━━━ PROVIDED RECORDS ━━━

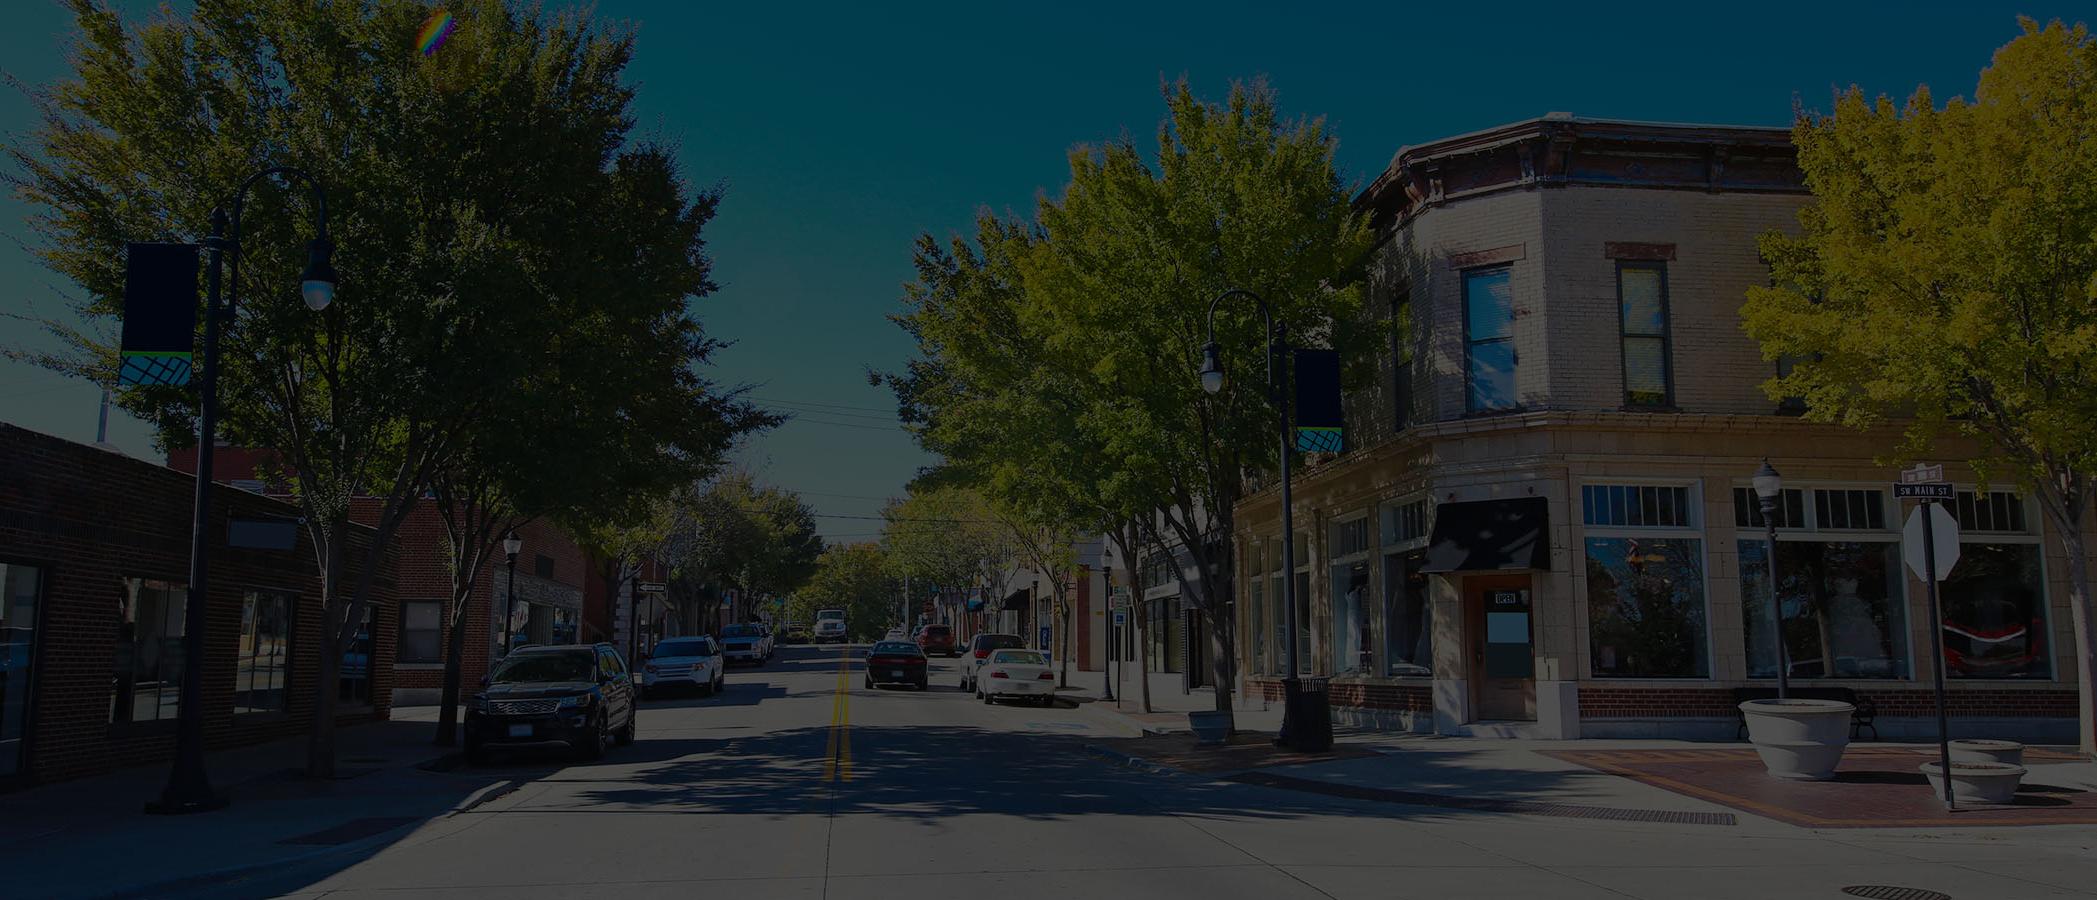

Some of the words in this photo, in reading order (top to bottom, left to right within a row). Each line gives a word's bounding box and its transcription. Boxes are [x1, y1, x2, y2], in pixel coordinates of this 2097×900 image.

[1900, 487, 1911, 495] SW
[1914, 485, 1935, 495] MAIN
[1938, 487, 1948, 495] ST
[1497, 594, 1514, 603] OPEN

━━━

DIRECTIONS:
With no pictures included, write out the entries exactly.

OUTPUT FOR THIS TASK:
Some of the words in this photo, in reading order (top to bottom, left to right within a row). Each line gives a word's bounding box and its transcription. Boxes are [x1, y1, x2, y2], in pixel coordinates of this 2097×900 image.

[1900, 487, 1911, 495] SW
[1914, 485, 1935, 495] MAIN
[1938, 487, 1948, 495] ST
[1497, 594, 1514, 603] OPEN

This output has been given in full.